Core Design and Implementation Details of VGG16 and GoogLeNet

VGG16:

  • Core: Use multiple 3×3 convolution kernel stacks to replace large convolutions (e.g., two 3×3 kernels are equivalent to a 5×5 receptive field, halving the number of parameters and increasing non-linearity).
  • Structure: 13 convolutional layers + 3 fully connected layers, divided into 5 Blocks. Input 224×224 becomes 7×7×512 features after 5 MaxPool operations.
  • Initialization: Kaiming initialization for convolutional layers, normal initialization for fully connected layers, bias set to 0.

GoogLeNet:

  • Core: Inception module (multi-branch parallel: 1×1 Conv, 1×1→3×3, 1×1→5×5, MaxPool→1×1) to achieve multi-scale feature extraction.
  • Role of 1×1 convolution: Increase non-linearity, reduce dimensionality to compress parameters, and cross-channel fusion.
  • Difficulty: Ensure the output size of each branch is consistent for concatenation.
4

Section 04

Practice Process from FashionMNIST to Cats vs.
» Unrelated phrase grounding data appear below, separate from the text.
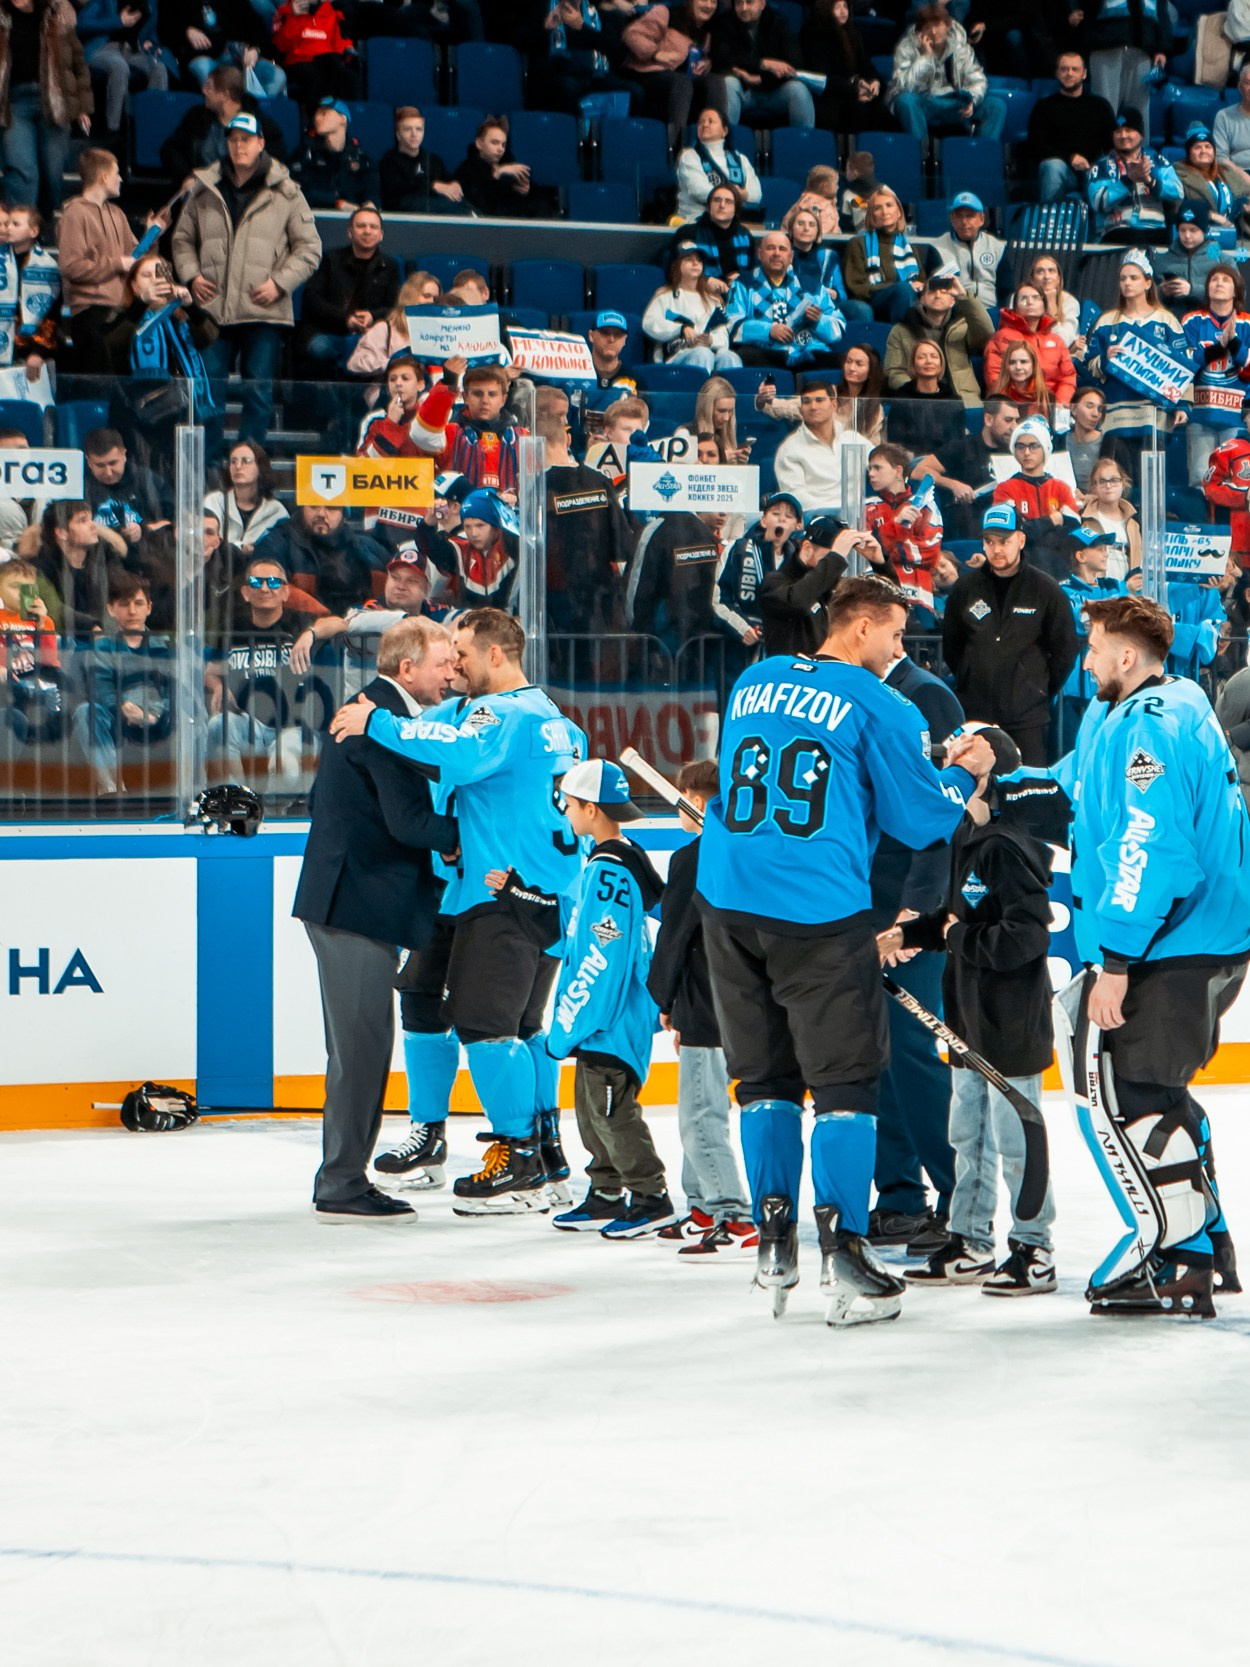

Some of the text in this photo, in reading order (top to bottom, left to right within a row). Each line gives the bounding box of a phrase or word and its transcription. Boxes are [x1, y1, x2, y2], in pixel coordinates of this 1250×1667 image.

[0, 461, 68, 485] газ
[353, 474, 419, 490] БАНК
[688, 474, 716, 483] ФОНБЕТ
[688, 484, 739, 493] НЕДЕЛЯ ЗВЕЗД
[688, 494, 734, 502] ХОККЕЯ 2025
[731, 682, 852, 731] KHAFIZOV
[1126, 763, 1166, 778] ERNYSHEV
[725, 734, 834, 841] 89
[597, 869, 631, 908] 52
[9, 947, 104, 996] НА
[1089, 1071, 1098, 1107] ULTRA
Dogs Classification

FashionMNIST Training:

  • Dataset: 10 categories of clothing images, preprocessing (resize, tensor conversion), split into training/validation/test sets.
  • Process: DataLoader loading → model forward propagation → CrossEntropyLoss → Adam optimization → save the best model.
  • Parameter tuning strategy (resource-constrained): Adjust batch size, learning rate, reduce the number of epochs, choose Adam optimizer.
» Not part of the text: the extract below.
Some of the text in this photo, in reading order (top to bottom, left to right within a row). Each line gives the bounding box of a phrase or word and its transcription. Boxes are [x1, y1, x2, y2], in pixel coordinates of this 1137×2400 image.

Cats vs. Dogs Dataset Transfer:

  • Steps: Split dataset → calculate mean/std normalization → modify fully connected layer output to 2 classes → retrain → test evaluation → single image prediction demonstration.
5

Section 05

Ability Improvements Brought by the Project

Abilities cultivated through the project:

  1. Model structure understanding: Manually build VGG Block and Inception module to understand internal principles.
  2. Experiment debugging and optimization: Solve computing power/memory issues in VGG16 training, adjust hyperparameters.
  3. Transfer application: Extend from FashionMNIST to Cats vs. Dogs binary classification task.
  4. Engineering organization: Structurally organize resources like code, papers, PPTs.
  5. Scientific research expression: Write README and PPT to improve technical writing skills.
6

Section 06

Advice for Deep Learning Beginners

  1. Don't rush to call ready-made models: Manual implementation of classic models brings greater gains.
  2. Value mathematical foundations: Understand the mathematical principles of convolution, pooling, and backpropagation.
  3. Start with simple datasets: FashionMNIST is suitable for quick model verification.
  4. Record the learning process: Write README and make PPTs; output promotes learning.
  5. Dare to apply transfer learning: After verifying on standard datasets, try your own data.
7

Section 07

Project Conclusion: Learning Value of Classic Models

The value of this project lies in showing the correct learning path: from theory to code, from standard datasets to practical applications, from parameter tuning to summary. For beginners, mastering classic models (such as VGG16 and GoogLeNet) is more important than pursuing SOTA; their design ideas still influence the development of deep learning today. As the author said: "The value of classic CNNs is not just accuracy, but more about the design ideas behind the structure and how to write trainable and transferable code."